L’être humain est une espèce unique dans l’histoire de l’évolution. Voilà qui est à la fois limpide et mystérieux. Car si le constat est indiscutable, ses raisons constituent une énigme : la trajectoire qui a mené à Homo sapiens est-elle le résultat d’une nécessité ou d’un hasard ? Comment expliquer les exceptionnelles capacités cognitives qui nous démarquent du reste du vivant ? Ces interrogations fondamentales occupent deux ouvrages de biologie de l’évolution parus à La Découverte : La Symphonie inachevée de Darwin, livre signé par Kevin Laland, professeur à l’université écossaise de St Andrews ; et Destinées improbables, œuvre de Jonathan B. Losos, professeur à l’université Washington de Saint-Louis.

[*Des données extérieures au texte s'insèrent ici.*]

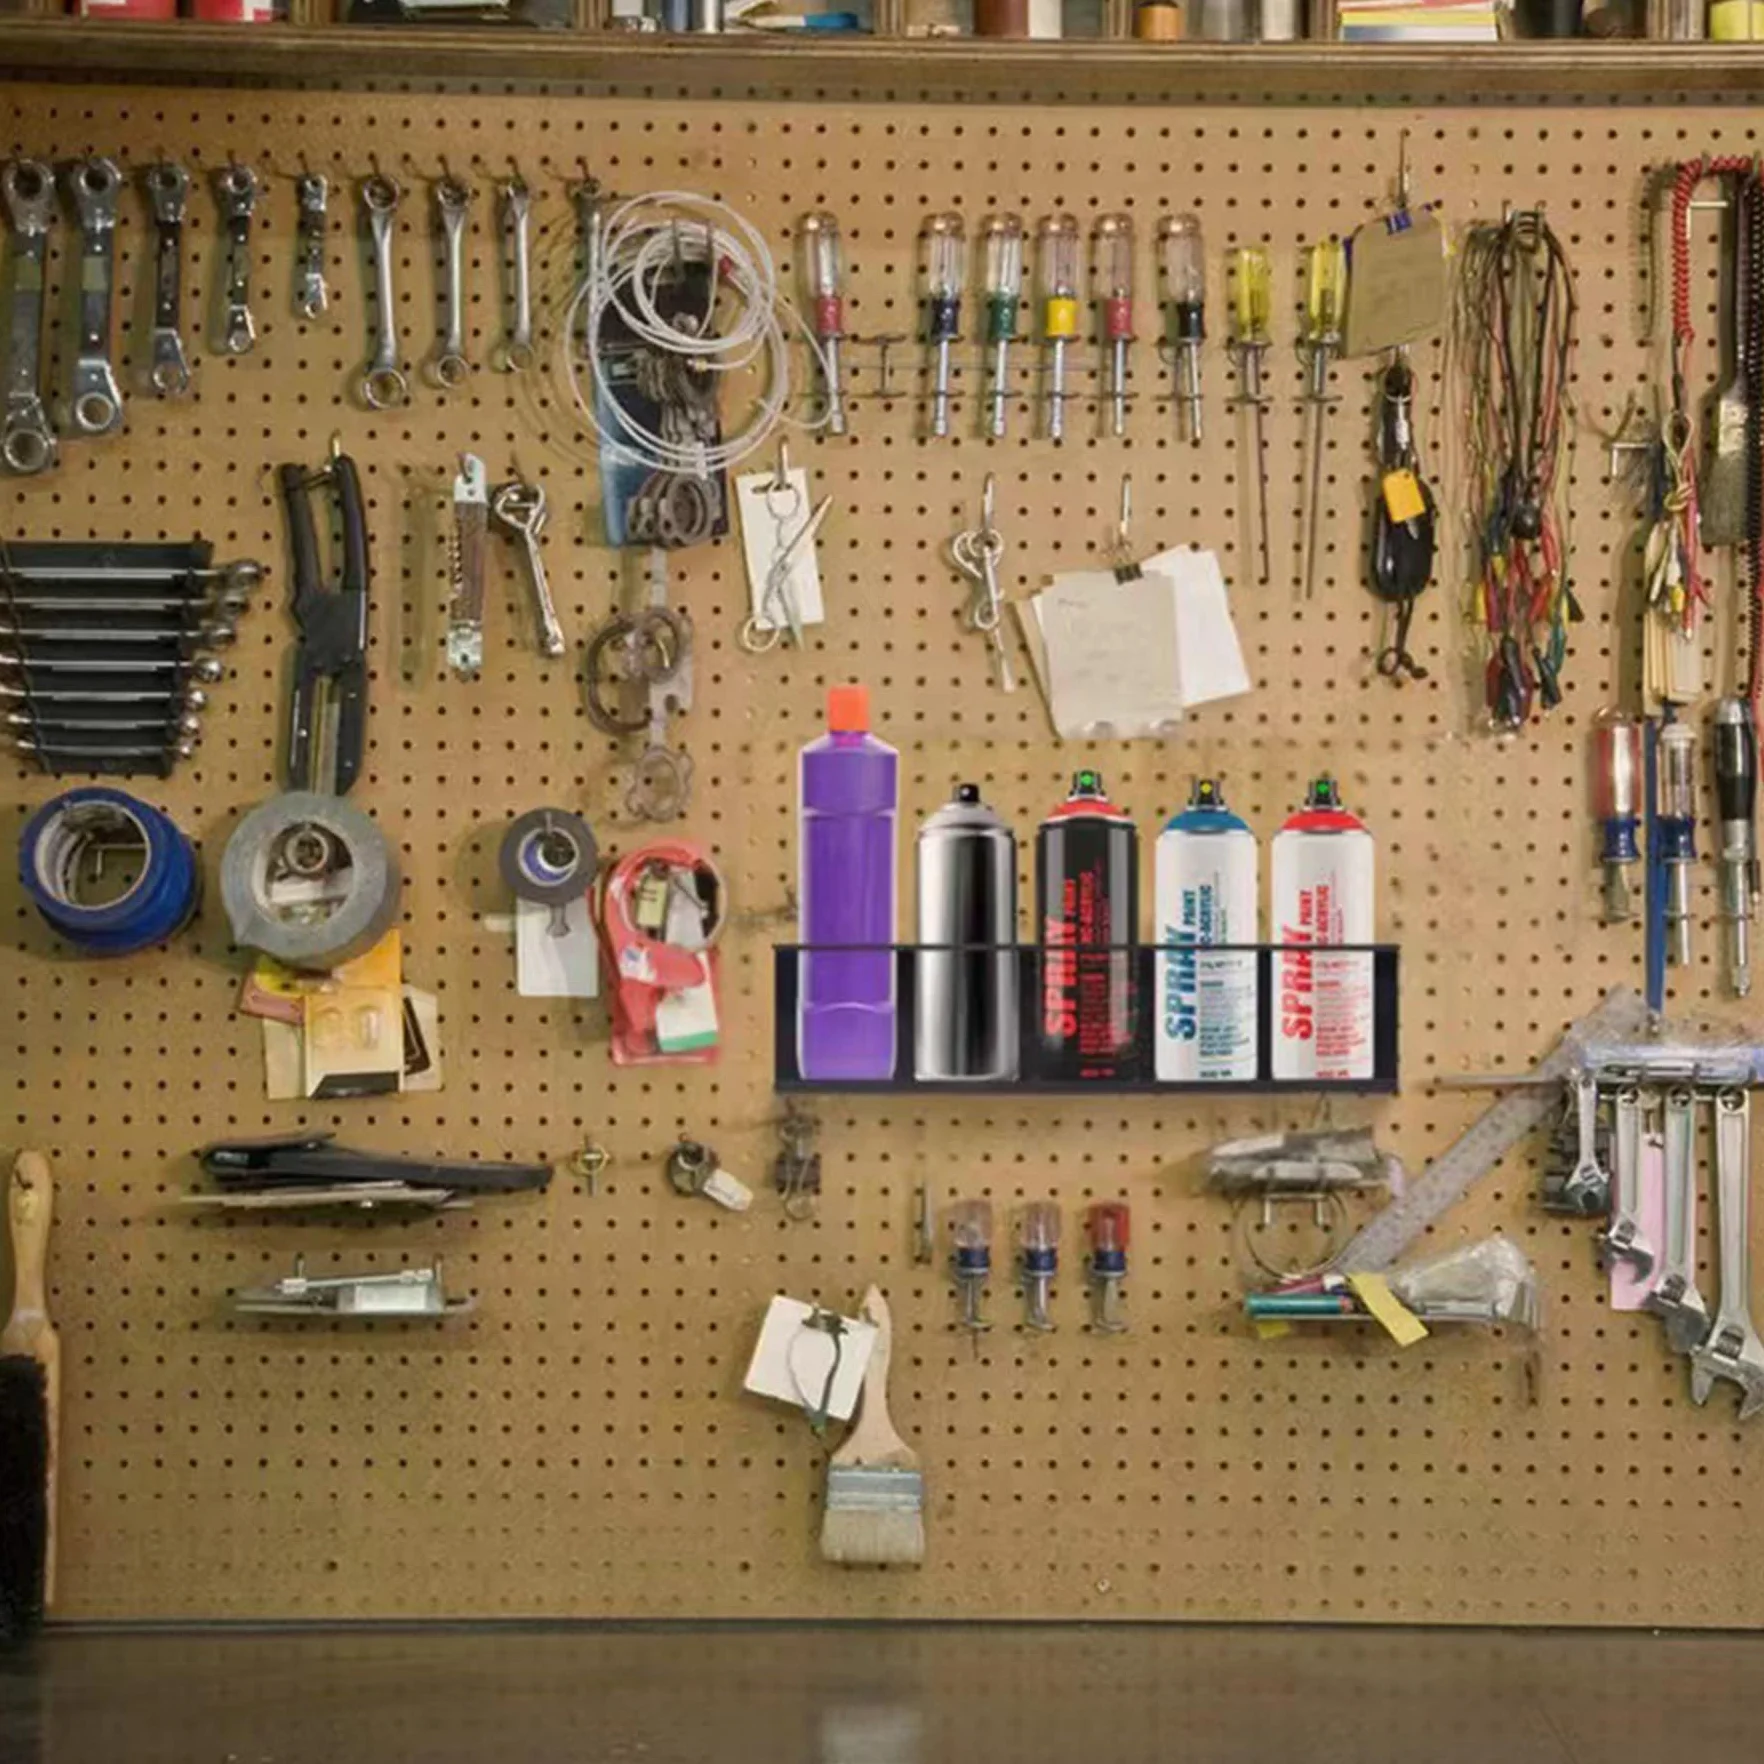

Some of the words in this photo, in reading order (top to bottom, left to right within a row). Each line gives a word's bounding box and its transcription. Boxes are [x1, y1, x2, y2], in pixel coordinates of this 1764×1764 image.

Dépassant le seul cas humain, ce dernier mène l’enquête sur un débat profond touchant à la logique de l’évolution. Il oppose, d’un côté, les tenants de la thèse exposée par Stephen Jay Gould (1941-2002) dans La vie est belle (Le Seuil, 1991 [1989]), affirmant que la trajectoire du vivant n’est que « le fruit du hasard, le résultat d’une grande loterie », et de l’autre, les partisans du déterminisme, ligne portée par Simon Conway Morris dans Life’s Solution (Cambridge University Press, 2003), qui fait de la convergence évolutive « le motif dominant du monde vivant » : la vie tend à développer les mêmes traits pour répondre aux mêmes contraintes. Avec une narration pédagogique et imagée, Jonathan B. Losos multiplie les exemples – notamment tirés des reptiles, dont il est spécialiste – et les récits d’expériences pour évaluer les différentes hypothèses. Passant des lézards aux marsupiaux, des mangeurs de vers au « cas unique » qu’est l’ornithorynque, il aboutit finalement à une position nuancée. Certes, l’évolution « n’est pas un processus aléatoire ou incohérent », mais plus l’échelle de temps et le nombre d’espèces considérées s’élargissent, « moins nos pronostics ont de chances d’être corrects ».
Et les humains, là-dedans ? « Nous sommes très loin d’être inévitables », tranche le biologiste. Tout en étant uniques : le « fossé cognitif » qui nous sépare du reste des vivants obsède Kevin Laland. Même Darwin a buté sur sa justification, offrant un argument aux créationnistes : notre intelligence ne s’expliquerait que par une intervention divine. Dans une passionnante enquête nourrie par la théorie des jeux évolutionnaires, Kevin Laland expose le cheminement de sa recherche qui, partant de la faculté de copier répandue chez les animaux, montre d’abord que la sélection naturelle retient des façons d’apprendre plus efficaces. Chez certains primates, ce trait atteint un niveau de performance générant une « impulsion culturelle », soit une boucle de « rétroaction évolutive » auto-entretenue entre croissance des capacités cognitives et amélioration de l’apprentissage.
Au centre de cette dynamique se trouve la notion d’enseignement qui, chez l’humain, aurait stimulé l’apparition du langage et ainsi engendré un niveau de complexité faisant de la culture non plus un produit de notre évolution, mais l’un de ses moteurs – l’auteur parle de « coévolution gènes-culture ». Ce n’est donc plus une seule sélection naturelle qui joue, mais une « sélection culturelle » permettant un niveau de coopération et de complexité « sans équivalent » dans tout le monde vivant.
La Symphonie inachevée de Darwin. Comment la culture a façonné l’esprit humain, Kevin Laland, La Découverte, 25 août 2022, 450 pages, 28 €.
Destinées improbables. Le hasard, la nécessité et l’avenir de l’évolution, Jonathan B. Losos, La Découverte, 23 septembre 2021, 376 pages, 24 €.